From http://archive.stsci.edu/hla/ison :

Some bloggers have noted that the Comet C/2012 S1 (ISON) Hubble images (http://archive.stsci.edu/prepds/ison/) have some surprising features. Here we briefly explain the origin of the image structures.

Quick summary: The image is the result of combining 3 exposures that produce the 3 components, and the shapes are produced by the combined motion of the Hubble telescope and the comet. The images look exactly as expected.

http://archive.stsci.edu/hla/ison/combined.jpg
Comet C/2012 S1 (ISON)
Hubble, 2013 Apr 30
Combined 3-exposure image

The image from April 30, 2013 (released on July 16, 2013) using the F606W filter has attracted the most attention. That image (shown above) is the average of 3 separate Hubble exposures. The 3 exposures are available individually for display or download from the web page, as is the combined image. The table below shows the image of the comet in each of the 3 exposures along with information about the exposures.

Comet C/2012 S1 (ISON) Hubble observations on 2013 April 30 using F606W

http://archive.stsci.edu/hla/ison/exposure1.jpg
Exposure 1, 440 seconds

http://archive.stsci.edu/hla/ison/exposure2.jpg
Exposure 2, 440 seconds

http://archive.stsci.edu/hla/ison/exposure3.jpg
Exposure 3, 440 seconds

You can see that the 3 parts of the structure in the combined image result from the 3 different exposures. The comet itself does not have 3 pieces. They are an artifact that results from adding up the separate exposures.

The comet does not look the same in each exposure because both the comet and the Hubble telescope are moving during the exposure. The comet is blurred, just as a picture taken out the window of a moving car will be blurred. For this image the Hubble telescope was pointing very steadily and accurately at the background stars and galaxies rather than tracking the comet.

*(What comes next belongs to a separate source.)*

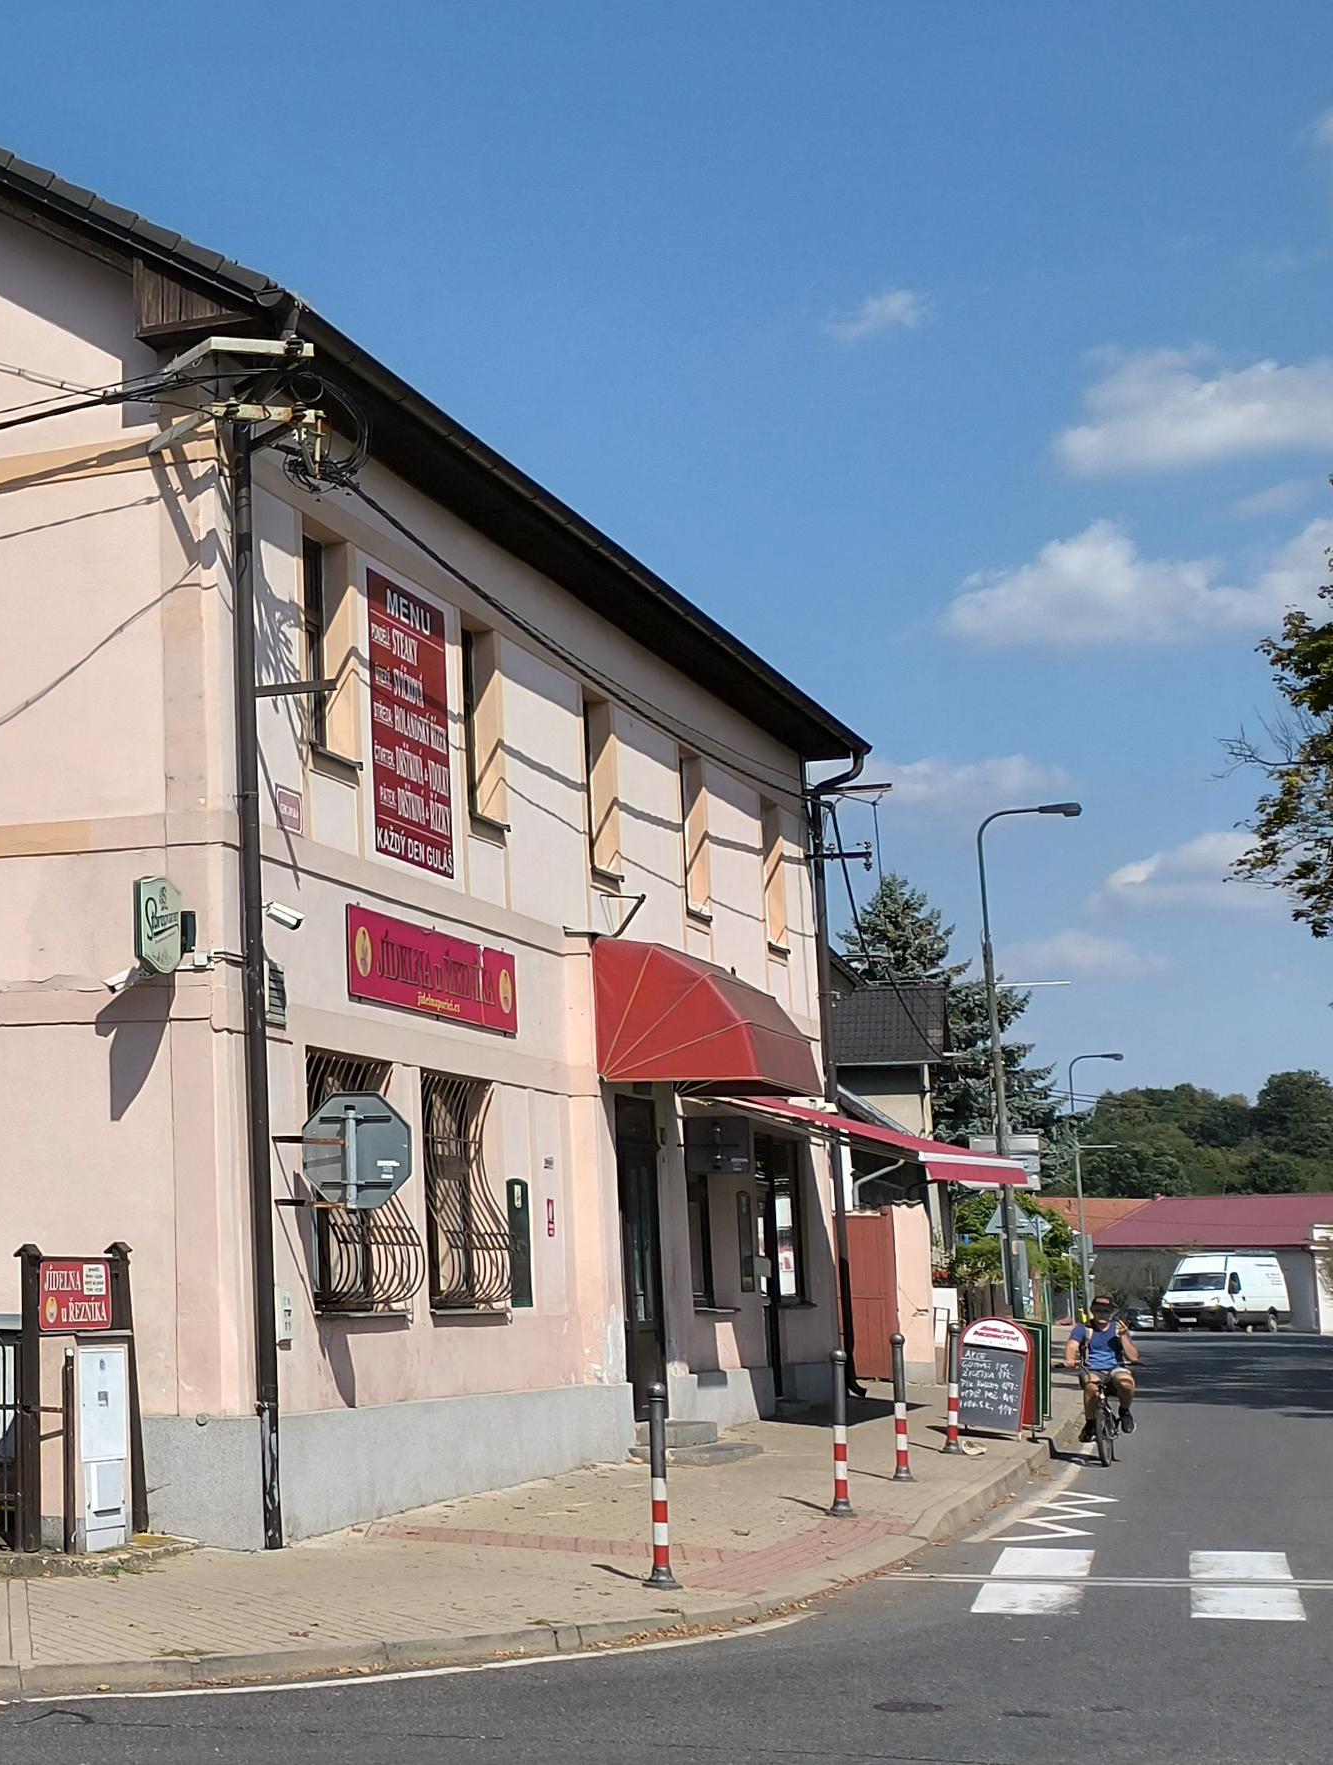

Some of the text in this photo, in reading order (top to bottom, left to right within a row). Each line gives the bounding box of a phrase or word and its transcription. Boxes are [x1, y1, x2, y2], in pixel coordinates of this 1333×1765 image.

In this case, the largest part of the blurring is due to the motion of Hubble itself rather than the motion of the comet. Hubble is orbiting the Earth every 95 minutes. The third exposure ended 46 minutes after the start of the first exposure. During that time the telescope moved from one side of its orbit to the other, a distance of about 8000 miles (~13,000 km). Because the comet is relatively nearby (compared with the distant stars and galaxies), its apparent position among the stars changes due to the different viewing position. This effect is known as parallax. It is expected when observing Solar System targets, and can produce very obvious motion or blurring in images as Hubble whips around the Earth.

astronomylive

16th December 2015, 17:10

As Bill mentioned, this was just a natural consequence of parallax due to Hubble's orbit around the earth combined with ISON's orbit around the sun relative to the background stars (which Hubble was tracking on during three separate exposures). Here is all the math, detailed line by line.
The first thing you need are the orbital elements of earth, ISON, and Hubble. Here is a scan of a page containing the orbital elements of earth from the book "Practical Astronomy with Your Calculator" by Peter Duffett-Smith.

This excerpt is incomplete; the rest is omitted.